Scientists have identified PEG10, a virus-like protein, as a significant factor in the progression of ALS, a fatal neurodegenerative disease. PEG10, usually associated with placental development, changes cell behavior in a harmful way when present in high amounts in nerve tissue. This discovery opens up potential new avenues for ALS diagnosis and treatment, as researchers work to understand the molecular pathways involved and find a way of inhibiting the rogue protein.
Researchers at CU Boulder have identified PEG10, an ancient virus-like protein, as a new player in ALS. PEG10 is necessary for mammals to develop placentas, but when it is overly abundant in the wrong places, it may fuel disease, including certain cancers and neurological disorders. The study has shown that PEG10 is present in high levels in the spinal cord tissue of ALS patients, where it likely interferes with the machinery enabling brain and nerve cells to communicate. The hope is that this could potentially lead to an entirely new class of potential therapeutics to get at the root cause of this disease.

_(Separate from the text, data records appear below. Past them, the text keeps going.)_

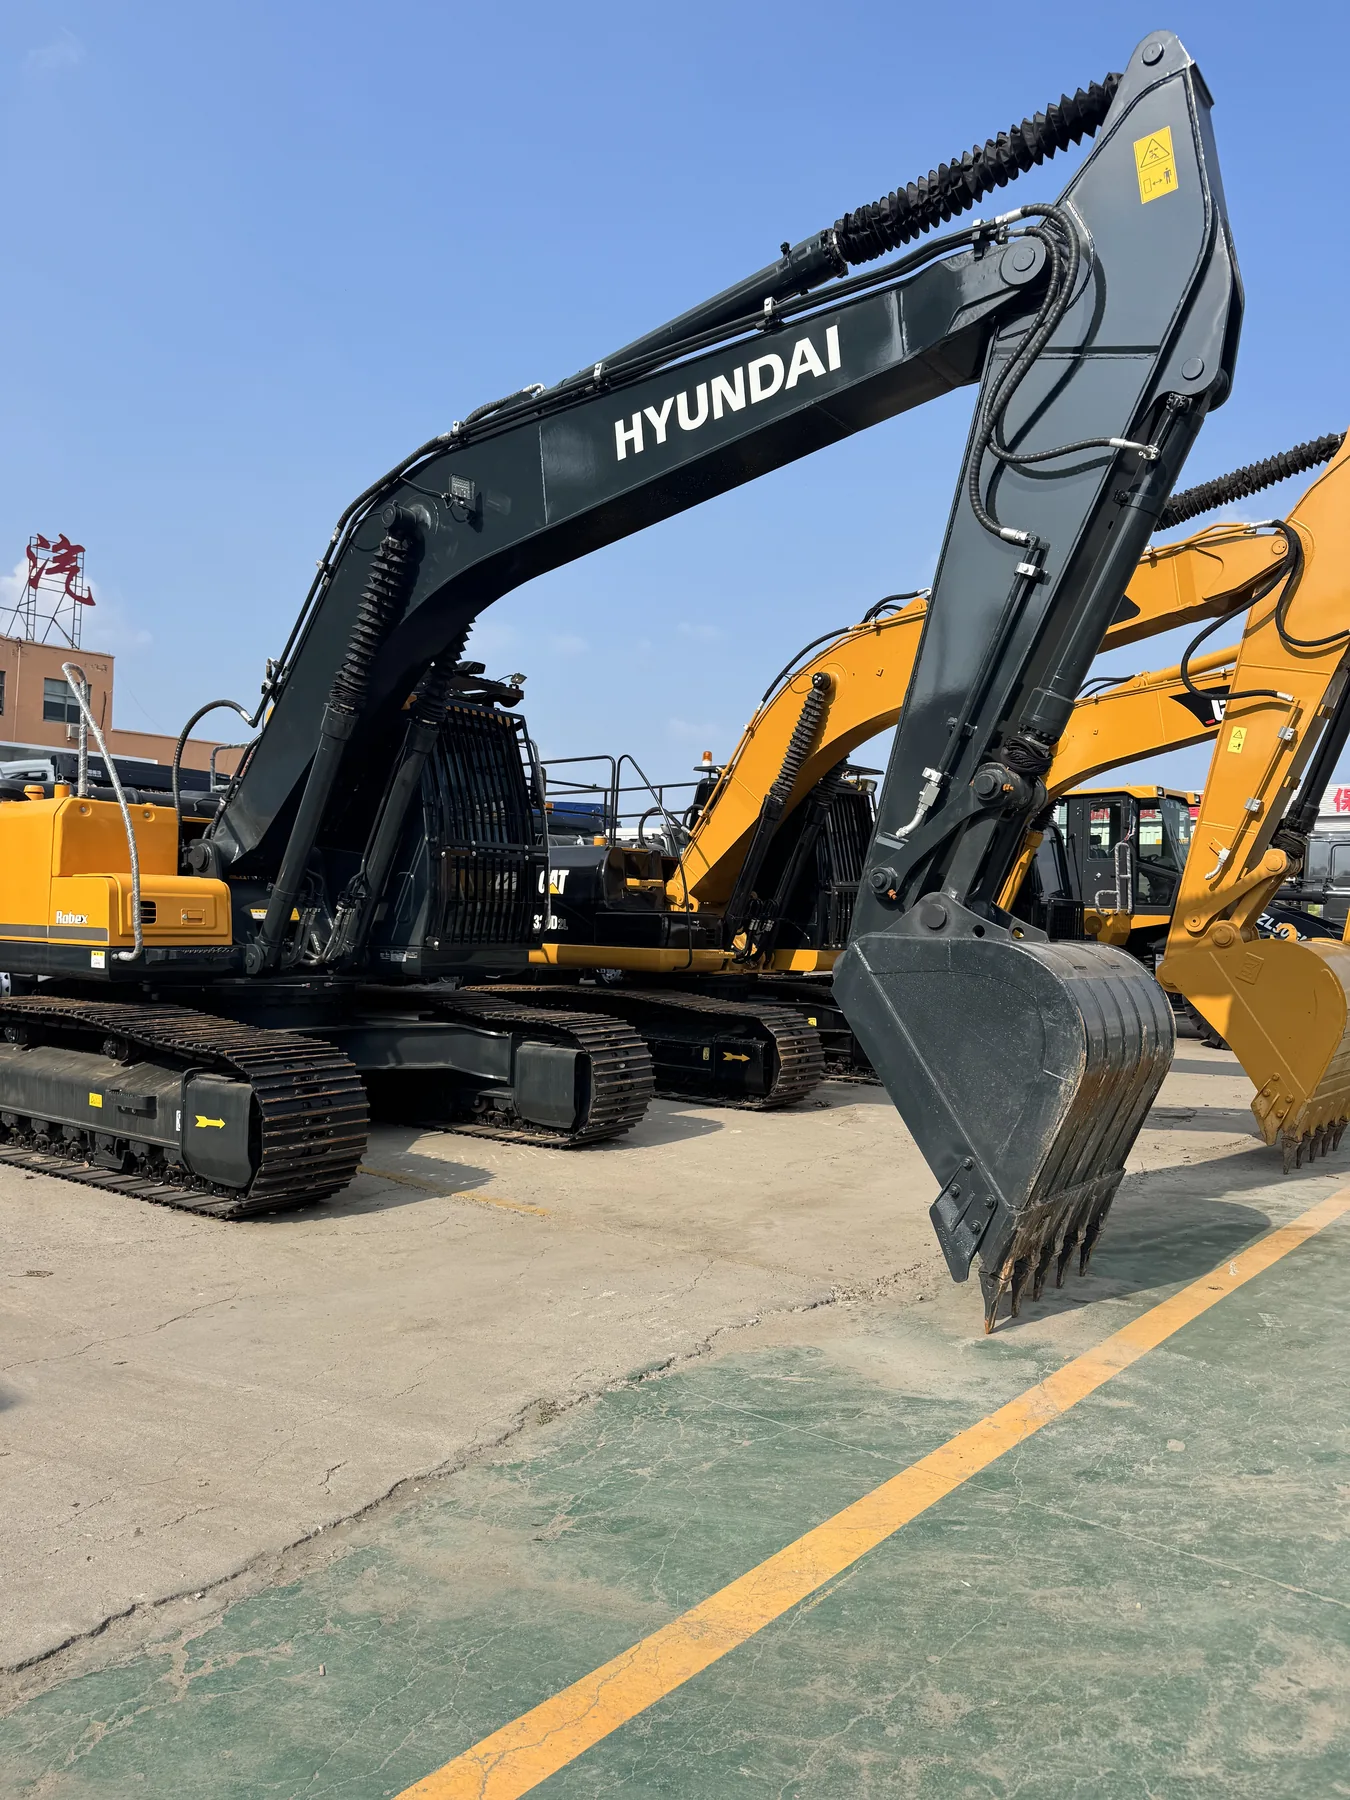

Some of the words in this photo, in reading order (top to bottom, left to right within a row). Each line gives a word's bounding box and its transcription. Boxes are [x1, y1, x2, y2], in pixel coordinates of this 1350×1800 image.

[614, 324, 842, 462] HYUNDAI
[26, 533, 96, 606] 汽
[538, 869, 570, 895] CAT
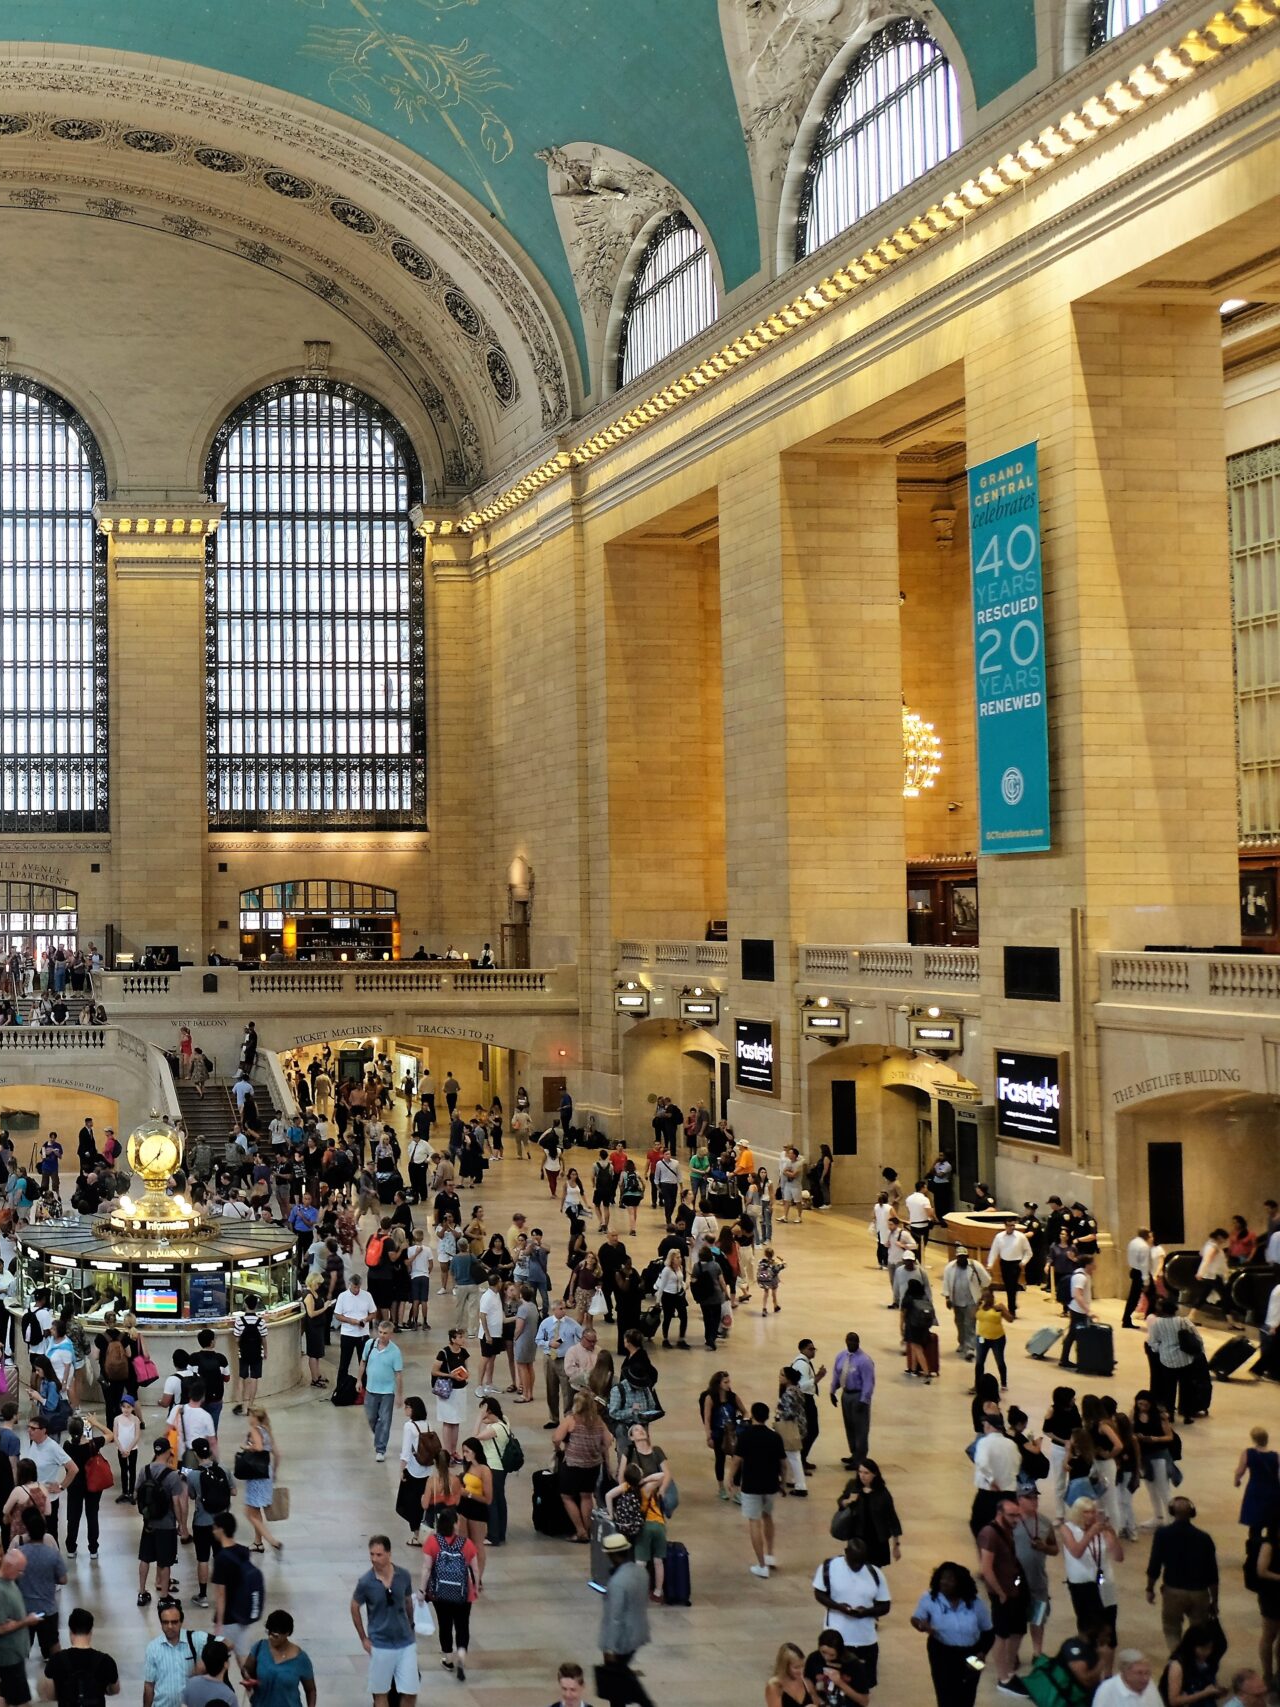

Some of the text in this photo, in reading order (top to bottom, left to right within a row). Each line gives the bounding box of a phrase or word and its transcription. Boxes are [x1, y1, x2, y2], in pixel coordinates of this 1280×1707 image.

[980, 462, 1024, 488] GRAND
[975, 475, 1033, 507] CENTRAL
[972, 492, 1036, 529] celebrates
[975, 524, 1036, 578] 40
[976, 571, 1037, 605] YEARS
[977, 595, 1038, 625] RESCUED
[979, 619, 1039, 674] 20
[979, 666, 1040, 697] YEARS
[980, 692, 1041, 717] RENEWED
[10, 871, 70, 886] APARTMENT
[22, 863, 62, 875] AVENUE
[193, 1019, 228, 1027] BALCONY
[293, 1024, 383, 1045] TICKET MACHINES
[417, 1025, 495, 1041] TRACKS 31 TO 42
[47, 1077, 73, 1087] TRACKS
[1112, 1068, 1240, 1104] THE METLIFE BUILDING

Researchers discovered an unexpected link between the progression of ALS and PEG10, a protein traditionally known for its role in placental development. Overabundance of this protein in nerve tissue has been observed to alter cell behavior contributing to ALS. The team is now studying the molecular pathways involved with a view to inhibiting this rogue protein, potentially paving the way for new therapeutics.